In 2018, Nicholas Crutcher launched Crutcher Cornerstone Community Development Corporation, a 501(c)(3) nonprofit headquartered in Southeast Colorado Springs that runs after-school and summer camp programs designed to uplift and empower children of color. He’s a civil rights activist, minister, and president-elect of the Garden of the Gods Rotary Club.
What was your childhood like?
So we’ll go back to where it all started. I was born in Peoria, Illinois, during what I will call “the crack epidemic.” My father was a pimp, to my knowledge; he also was a gangbanger, and my mother the same. I actually had crack in my veins, my body had to detox as a baby. Long story short, I was placed in different foster homes. When I was in kindergarten, I shared with one of my teachers that I wanted to be an educator, and I wanted to be a senator, and a businessman, and I wanted to give back to my community. She shared with me — at that time I had a speech impediment, I was in special ed — “Do something where you can use your hands, you’re very creative, be a carpenter.” And it broke my heart.
How did your adoptive parents inspire you to be a lifelong community advocate?
Emma Jean Crutcher is my adoptive mother. She fought the school district for me. I was in special ed but she said “test this baby” — not allowing me to just be labeled. At that time I was taking a lot of medication and in speech therapy. I went from being on the [autism] spectrum to being promoted a grade. When it comes to education, there was someone that fought for me — and it wasn’t my blood family. When I got to Colorado Springs in 2018, my adoptive father passed away. I always remember when I was a kid asking him, “I would love to give back, dad — how can I give back?” and he never answered. Right before he died I said, “I don’t know how to give back.” He said, “What I gave to you, give to somebody else. I loved you. I chose you.” I was adopted. Somebody loved me. Somebody invested in me.
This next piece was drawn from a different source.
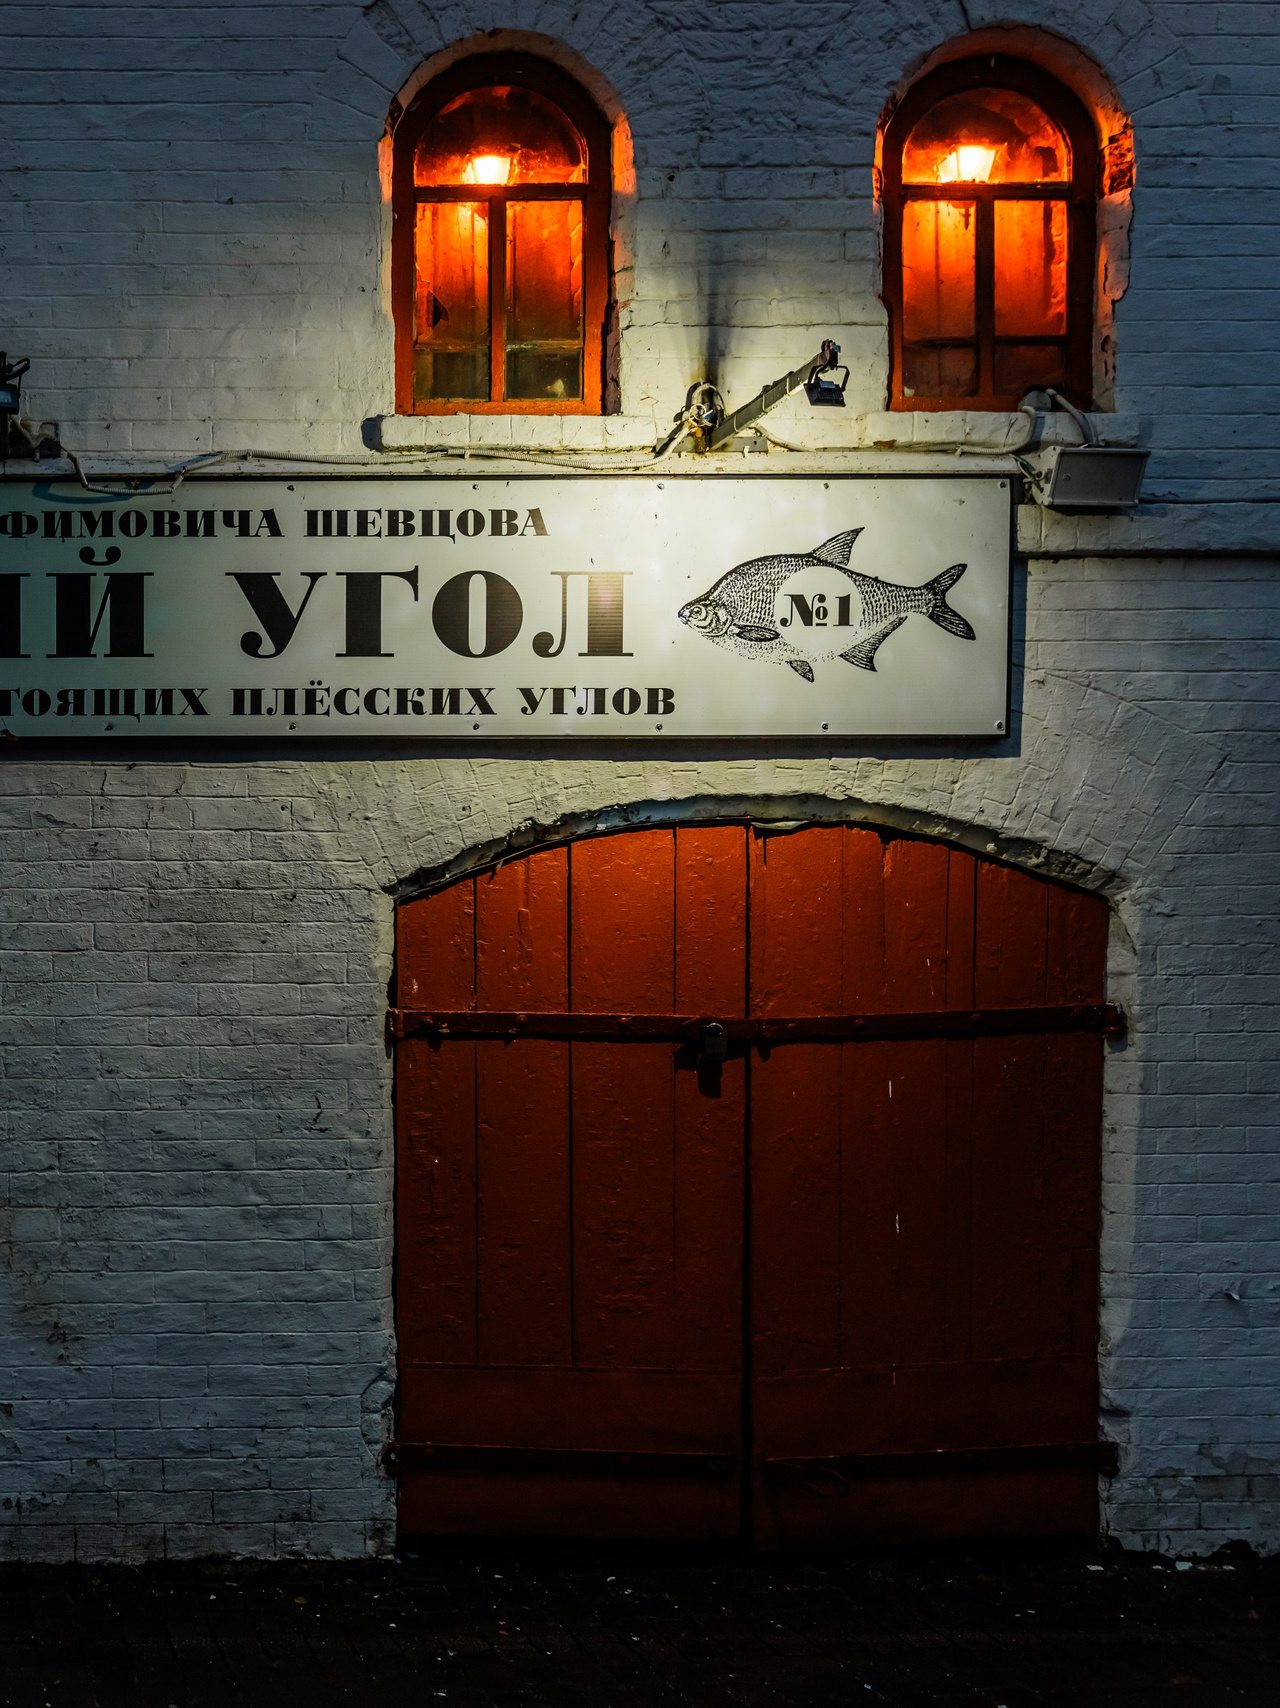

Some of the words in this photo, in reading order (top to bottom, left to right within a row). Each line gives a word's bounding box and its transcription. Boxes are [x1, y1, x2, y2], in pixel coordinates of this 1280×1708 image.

You’ve been involved in youth education since 1996, when you mentored kids at a Grace Missionary Baptist Church camp. Where did the interest in education come from?
There were a few ministers that mentored me and they had a vacation bible study. We couldn’t get any kids to join the vacation bible study. So I said, “What if we change things?” They allowed me to be the principal of the bible study, and we had so many kids come out that they wanted to keep it going. It was right next to a basketball court, and we had a place where kids could get nutritious meals. I worked with the [Colorado Springs] Black Chamber of Commerce and city officials and police officers to get the program up and running.
Tell us about Cornerstone’s programming.
Every young person has to set goals. So depending on their goals, we’ll pair them with mentors. We have a reading component; we launched the fREADom movement, where all of our young people are encouraged to read for 20 minutes a day. We have a STEAM approach. We have a Leadership Development Academy. Every year for the past seven years the mayor has come in for that program, and now we have the police department coming in, and we go to a City Council meeting. We’ve been doing many camps — camp hip-hop, artistry, fashion. We just launched our for-profit printing press, so we’re making our own T-shirts.
What does “Cornerstone” represent in the name of your nonprofit?
The spiritual element — Christ is our chief cornerstone. When I make a decision it’s like, “What would Christ do?” All of our programs are free. When you build a building, a monument, anything, you have to start with a cornerstone, and if your first brick is off, you can’t build a foundation. What’s beautiful is that when you have the right foundation you can build a house on it, you can build a coliseum, anything you build on it will stand.